▶ _WHAT IS EXPECTED_
Everything in the records must be restated exactly, apart from the pictures.

▶ _DATA UNDER STUDY_

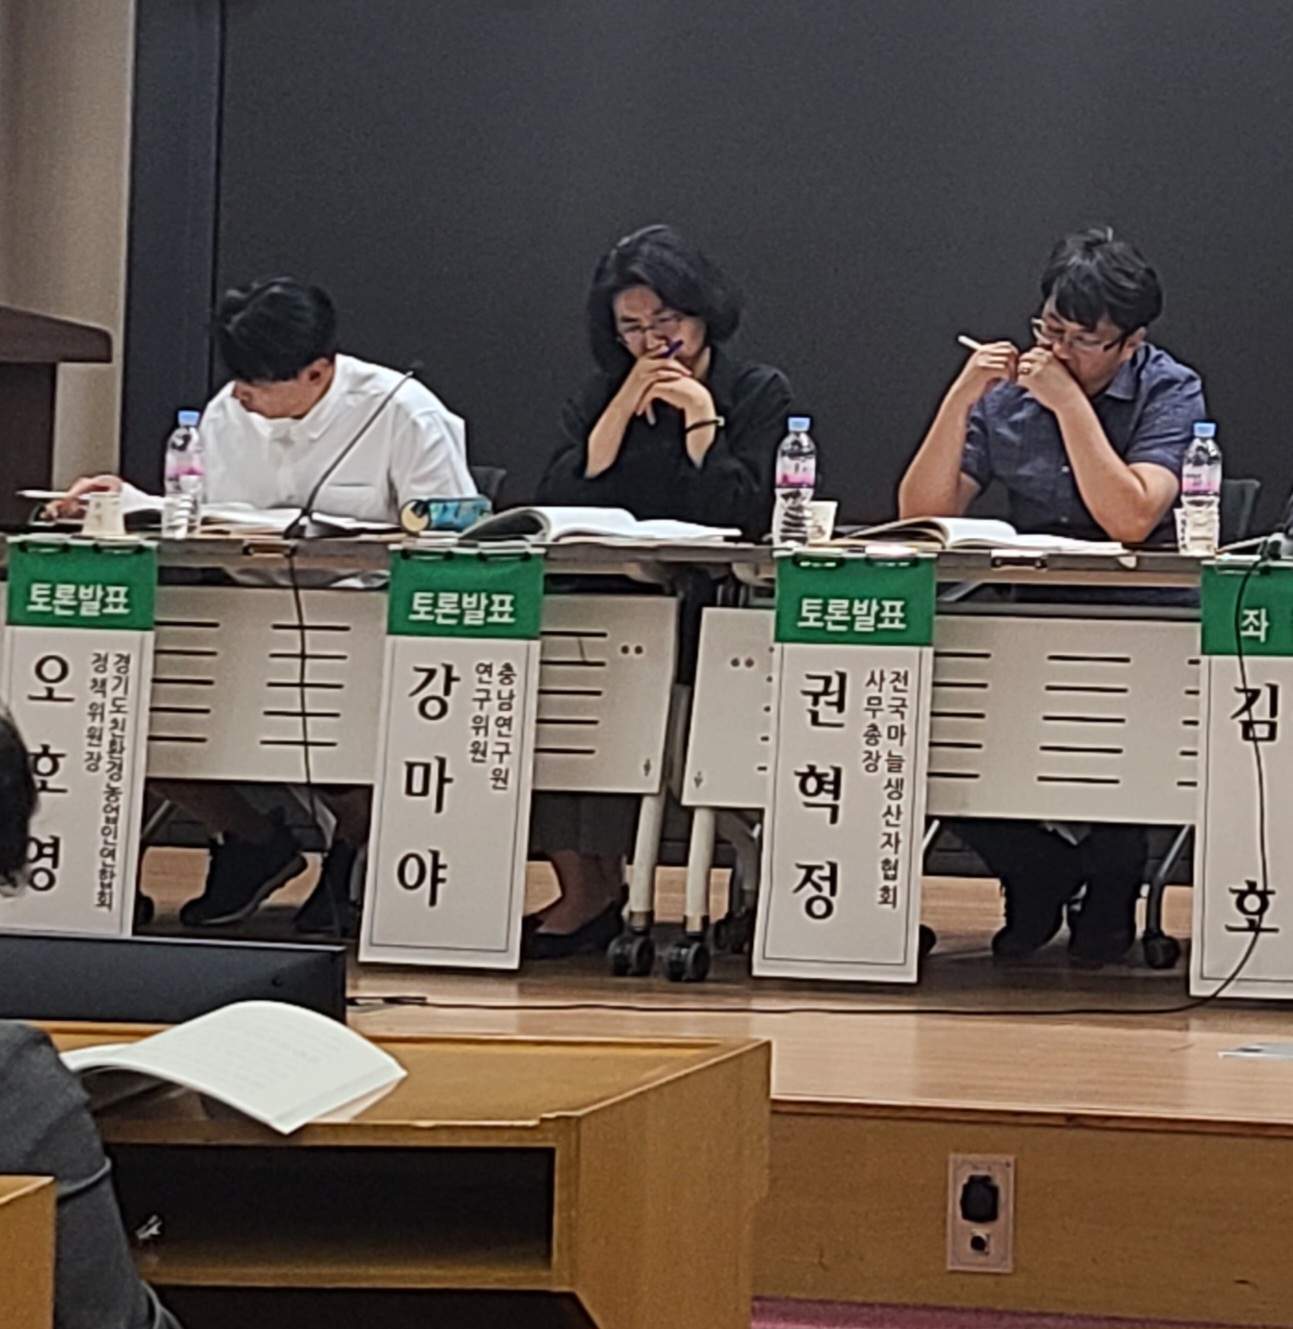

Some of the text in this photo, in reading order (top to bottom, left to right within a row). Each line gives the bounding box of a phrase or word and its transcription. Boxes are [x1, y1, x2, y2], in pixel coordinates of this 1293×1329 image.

[27, 583, 131, 616] 토론발표
[409, 592, 516, 625] 토론발표
[797, 598, 907, 632] 토론발표
[469, 661, 494, 764] 연구위원
[490, 662, 517, 792] 충남연구원
[862, 669, 887, 773] 사무총장
[877, 669, 909, 910] 전국마늘생산자협회

▶ _SOLUTION BELOW_
Some of the text in this photo, in reading order (top to bottom, left to right within a row). Each line gives the bounding box of a phrase or word and its transcription. Boxes are [x1, y1, x2, y2], in pixel coordinates of this 1293×1329 image.

[27, 583, 131, 616] 토론발표
[409, 592, 516, 625] 토론발표
[797, 598, 907, 632] 토론발표
[469, 661, 494, 764] 연구위원
[490, 662, 517, 792] 충남연구원
[862, 669, 887, 773] 사무총장
[877, 669, 909, 910] 전국마늘생산자협회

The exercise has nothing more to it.